## TASK DIRECTIONS:
The expected result is an exact restatement of the data, free of pictures.

## TASK INPUT:
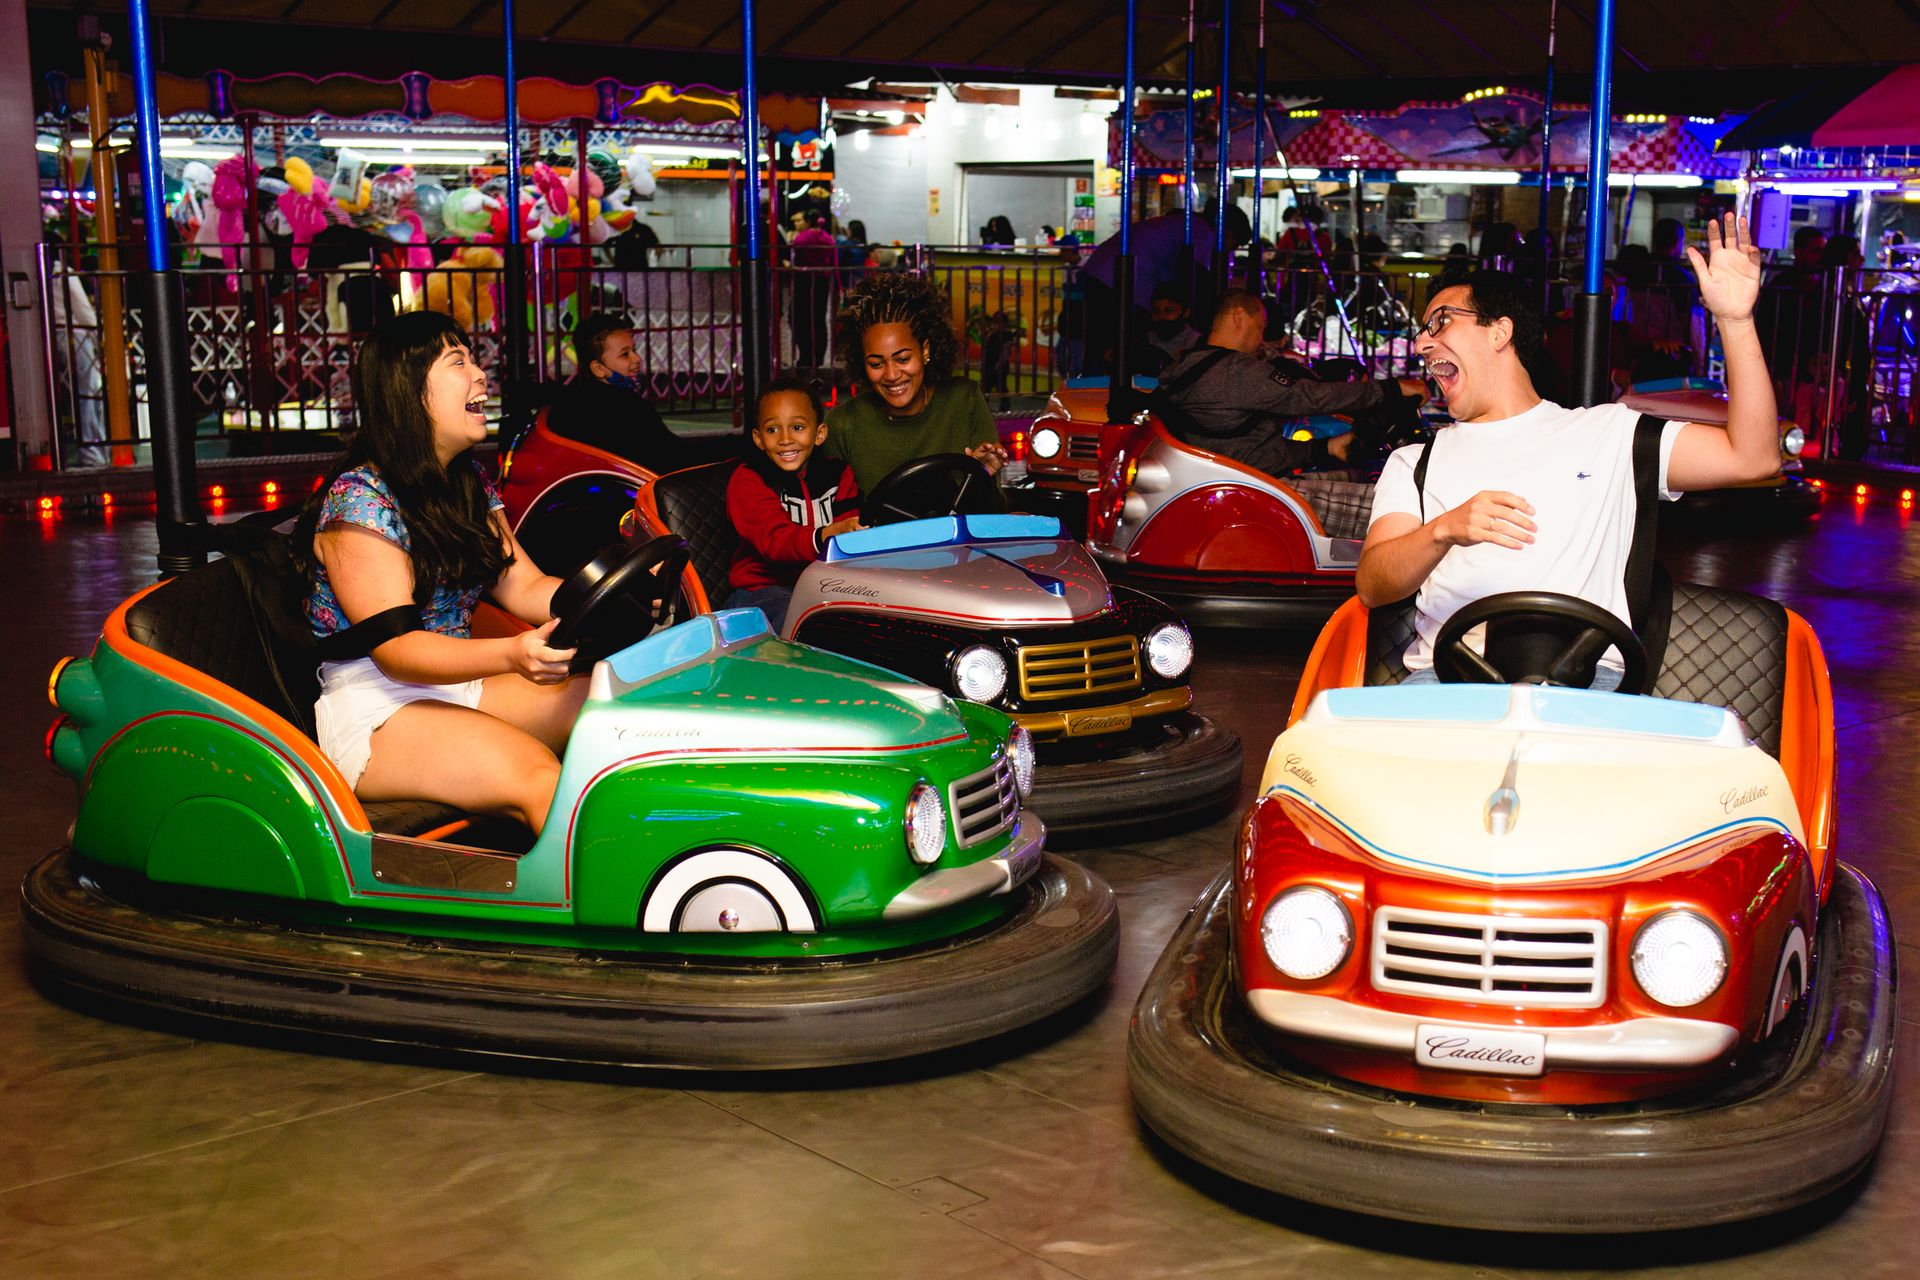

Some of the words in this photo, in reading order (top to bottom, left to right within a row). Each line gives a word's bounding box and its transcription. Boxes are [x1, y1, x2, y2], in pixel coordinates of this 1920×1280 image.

[820, 578, 880, 597] Cadillac
[1069, 715, 1129, 733] Cadillac
[1283, 753, 1317, 787] Cadillac
[1719, 785, 1768, 814] Cadillac
[1426, 1036, 1536, 1065] Cadillac

## EXERCISE RESPONSE:
Some of the words in this photo, in reading order (top to bottom, left to right within a row). Each line gives a word's bounding box and its transcription. Boxes are [x1, y1, x2, y2], in pixel coordinates of this 1920×1280 image.

[820, 578, 880, 597] Cadillac
[1069, 715, 1129, 733] Cadillac
[1283, 753, 1317, 787] Cadillac
[1719, 785, 1768, 814] Cadillac
[1426, 1036, 1536, 1065] Cadillac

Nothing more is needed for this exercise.